[Image-backed grounding data]
+===+
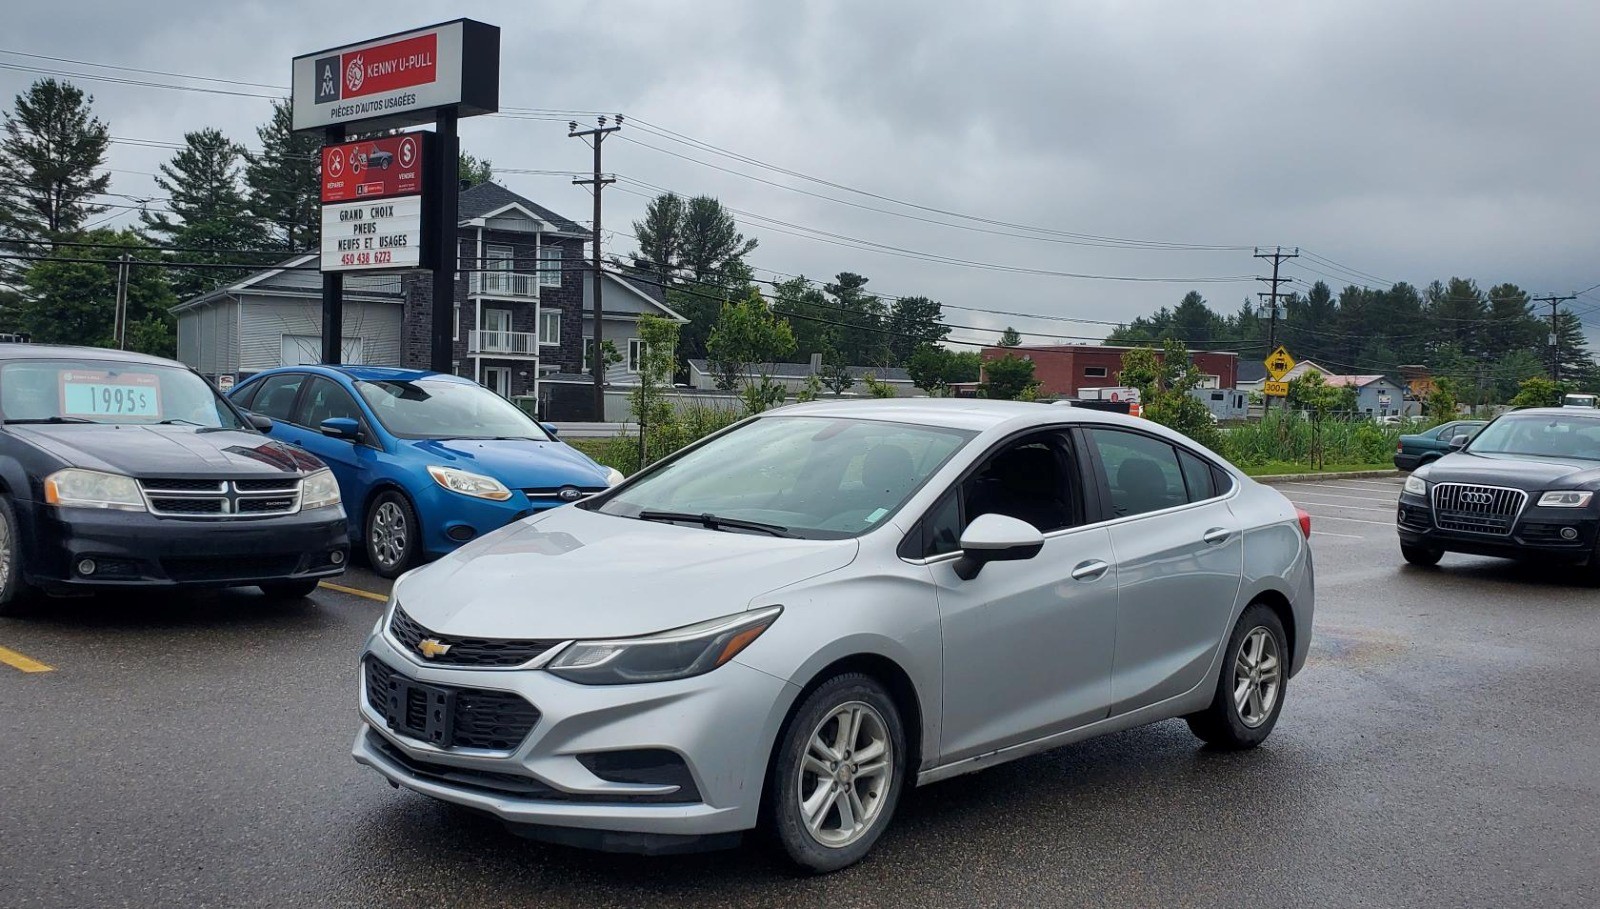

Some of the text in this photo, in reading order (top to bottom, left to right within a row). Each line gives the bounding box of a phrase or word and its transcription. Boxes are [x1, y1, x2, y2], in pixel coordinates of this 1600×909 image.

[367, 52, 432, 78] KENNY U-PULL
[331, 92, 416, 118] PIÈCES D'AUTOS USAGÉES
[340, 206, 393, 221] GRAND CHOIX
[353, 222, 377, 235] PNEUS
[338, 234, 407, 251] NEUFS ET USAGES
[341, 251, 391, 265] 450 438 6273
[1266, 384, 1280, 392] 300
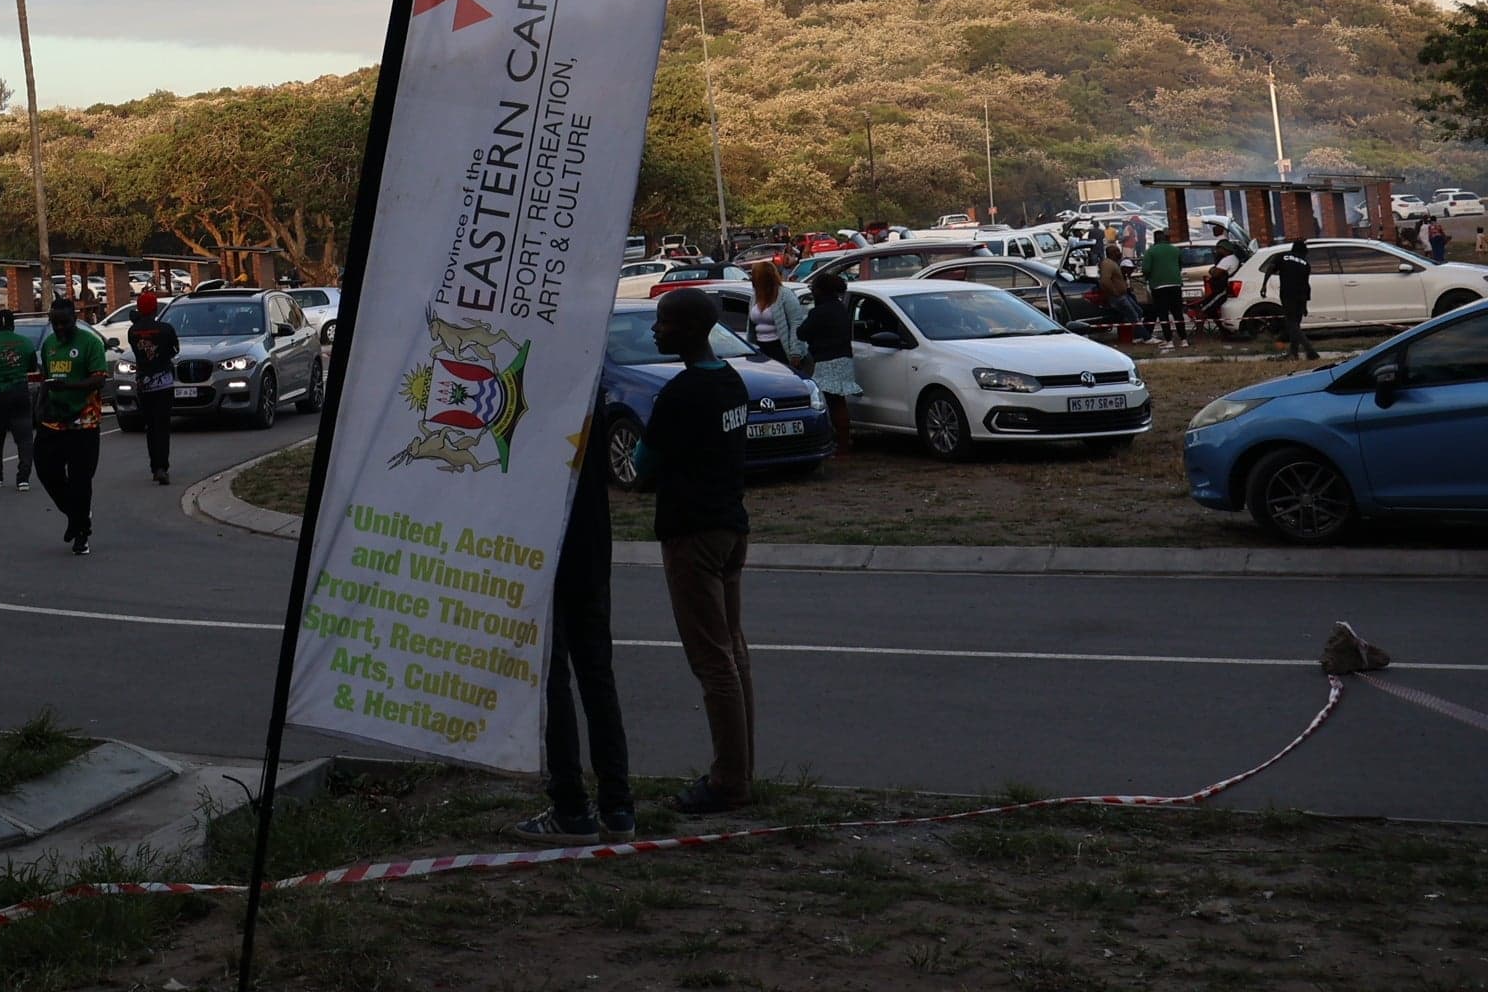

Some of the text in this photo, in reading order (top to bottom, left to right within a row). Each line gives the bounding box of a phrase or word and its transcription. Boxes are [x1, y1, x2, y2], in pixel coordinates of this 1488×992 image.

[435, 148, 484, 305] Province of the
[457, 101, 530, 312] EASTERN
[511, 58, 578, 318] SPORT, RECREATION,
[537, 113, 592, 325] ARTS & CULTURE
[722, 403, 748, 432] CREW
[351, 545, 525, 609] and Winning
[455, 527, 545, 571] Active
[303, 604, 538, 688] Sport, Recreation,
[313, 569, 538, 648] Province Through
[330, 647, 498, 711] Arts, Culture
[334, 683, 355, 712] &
+===+
Beginning with the line that contains "this 1488×992 image.", write out every line through the end of the entries above, exactly.

REPLY:
Some of the text in this photo, in reading order (top to bottom, left to right within a row). Each line gives the bounding box of a phrase or word and its transcription. Boxes are [x1, y1, x2, y2], in pixel coordinates of this 1488×992 image.

[435, 148, 484, 305] Province of the
[457, 101, 530, 312] EASTERN
[511, 58, 578, 318] SPORT, RECREATION,
[537, 113, 592, 325] ARTS & CULTURE
[722, 403, 748, 432] CREW
[351, 545, 525, 609] and Winning
[455, 527, 545, 571] Active
[303, 604, 538, 688] Sport, Recreation,
[313, 569, 538, 648] Province Through
[330, 647, 498, 711] Arts, Culture
[334, 683, 355, 712] &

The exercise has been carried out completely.